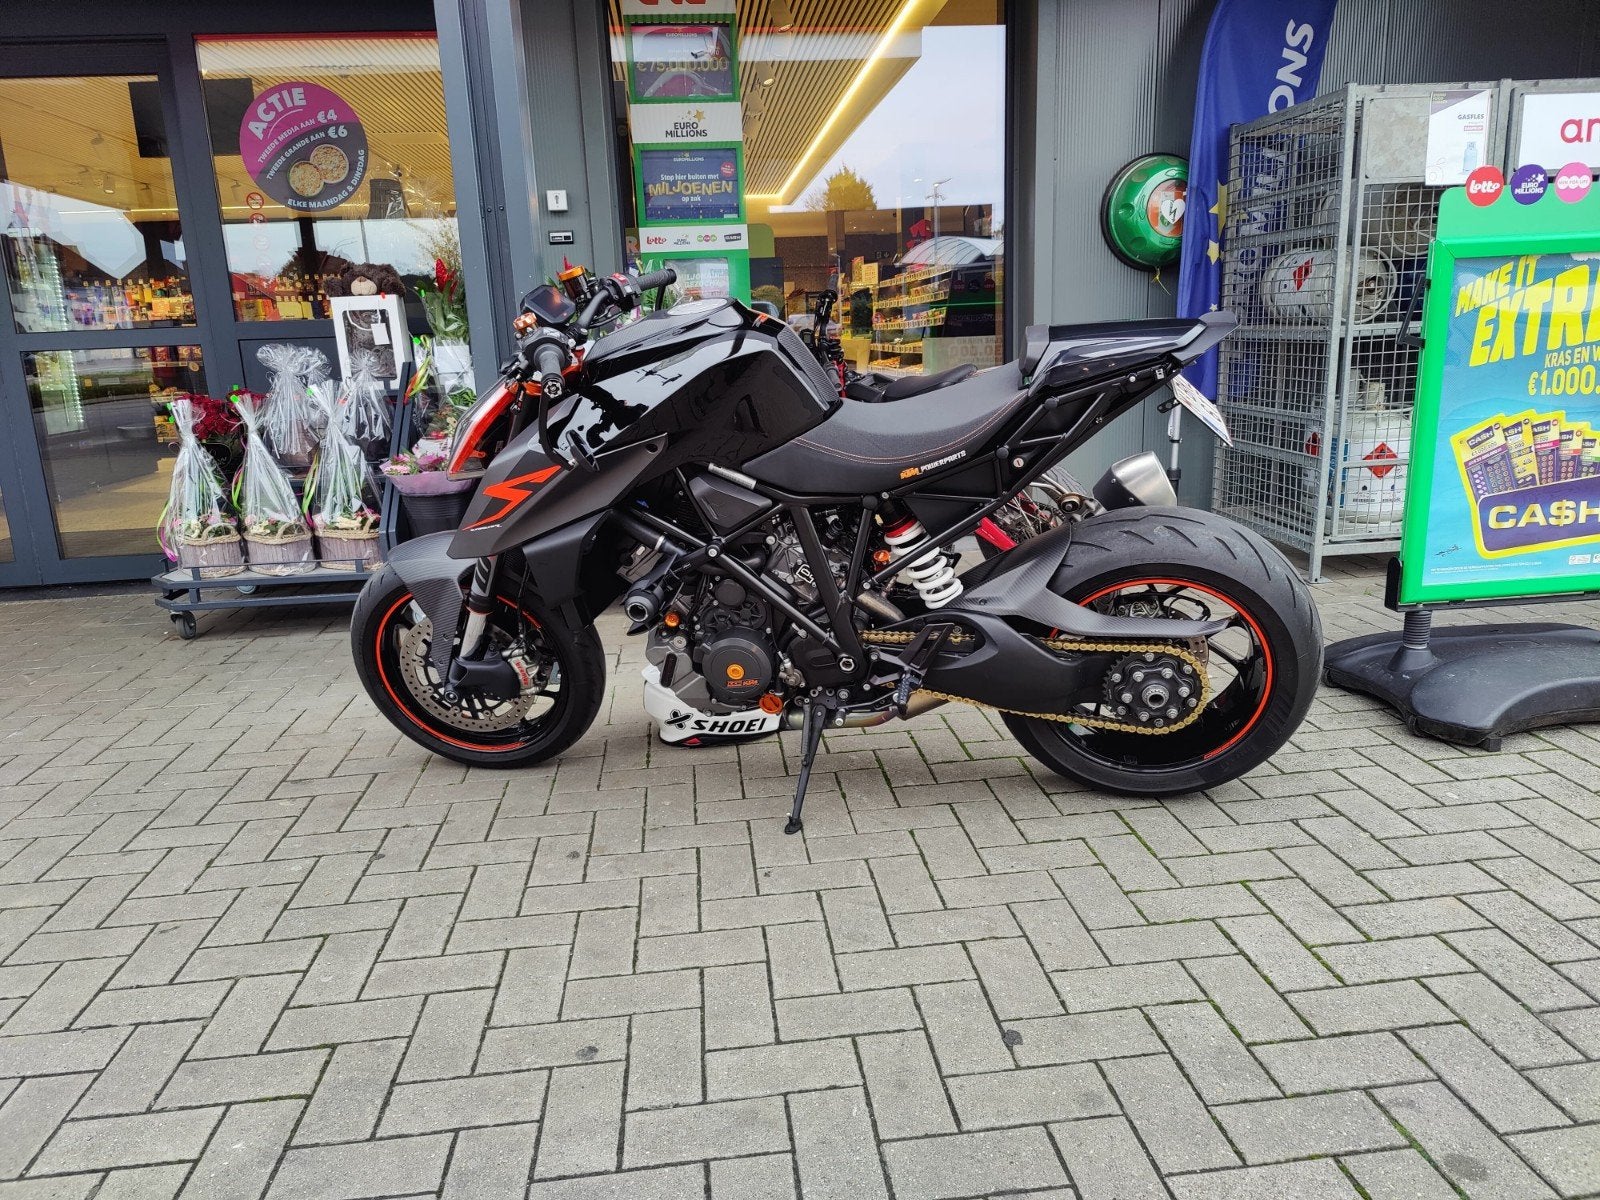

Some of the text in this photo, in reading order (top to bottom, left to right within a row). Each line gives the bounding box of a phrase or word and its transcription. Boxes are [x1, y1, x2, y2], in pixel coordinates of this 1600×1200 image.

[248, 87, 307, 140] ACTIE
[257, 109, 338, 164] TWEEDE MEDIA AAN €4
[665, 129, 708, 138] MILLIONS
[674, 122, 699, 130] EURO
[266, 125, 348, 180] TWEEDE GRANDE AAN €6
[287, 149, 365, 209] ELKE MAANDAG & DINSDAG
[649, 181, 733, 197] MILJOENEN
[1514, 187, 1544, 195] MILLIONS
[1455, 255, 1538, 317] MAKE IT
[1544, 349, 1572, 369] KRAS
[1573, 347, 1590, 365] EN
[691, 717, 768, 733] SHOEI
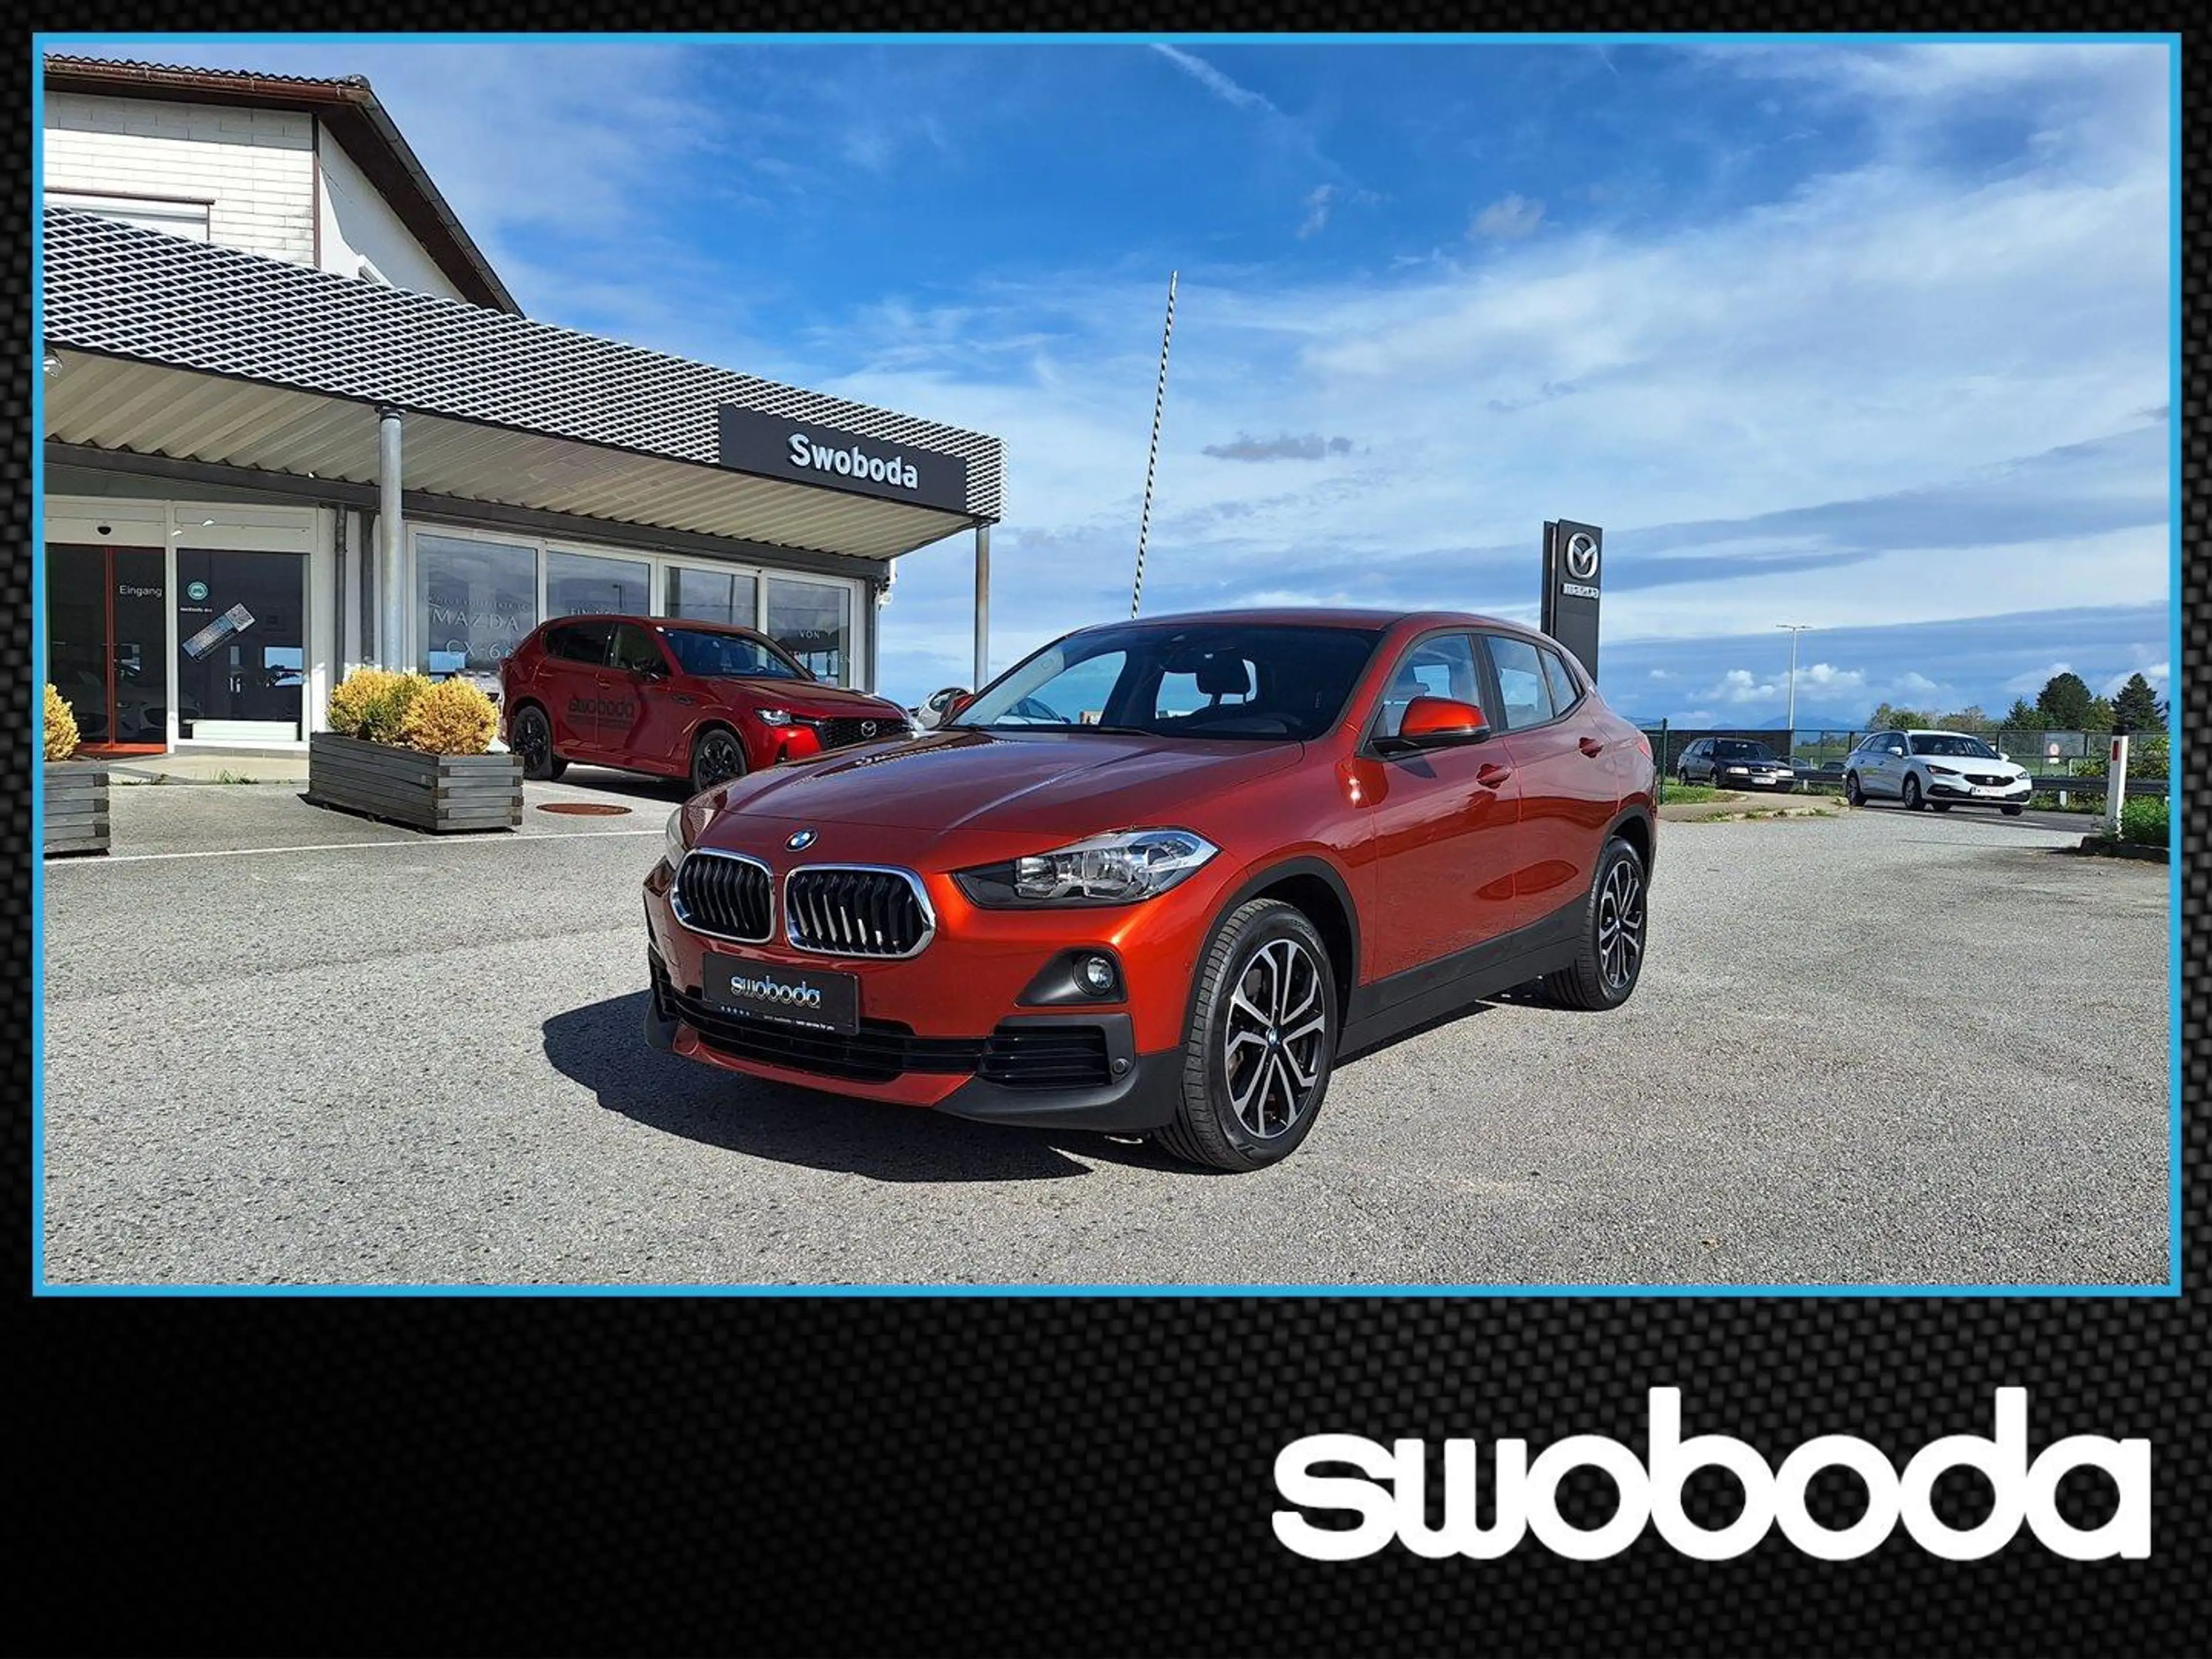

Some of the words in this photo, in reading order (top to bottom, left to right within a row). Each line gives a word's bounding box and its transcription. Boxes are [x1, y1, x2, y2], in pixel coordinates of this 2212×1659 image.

ACTION ITEM>
Copy out all of the material exactly as written, without its pictures.

SOLUTION>
Some of the text in this photo, in reading order (top to bottom, left to right within a row). Each line gives the bounding box of a phrase or word and its transcription. Boxes are [x1, y1, x2, y2], in pixel coordinates of this 1600×1200 image.

[248, 87, 307, 140] ACTIE
[257, 109, 338, 164] TWEEDE MEDIA AAN €4
[665, 129, 708, 138] MILLIONS
[674, 122, 699, 130] EURO
[266, 125, 348, 180] TWEEDE GRANDE AAN €6
[287, 149, 365, 209] ELKE MAANDAG & DINSDAG
[649, 181, 733, 197] MILJOENEN
[1514, 187, 1544, 195] MILLIONS
[1455, 255, 1538, 317] MAKE IT
[1544, 349, 1572, 369] KRAS
[1573, 347, 1590, 365] EN
[691, 717, 768, 733] SHOEI

Some of the words in this photo, in reading order (top to bottom, left to right within a row). Each line gives a word's bounding box and its transcription. Boxes are [x1, y1, x2, y2], in pixel coordinates of this 2212×1659 image.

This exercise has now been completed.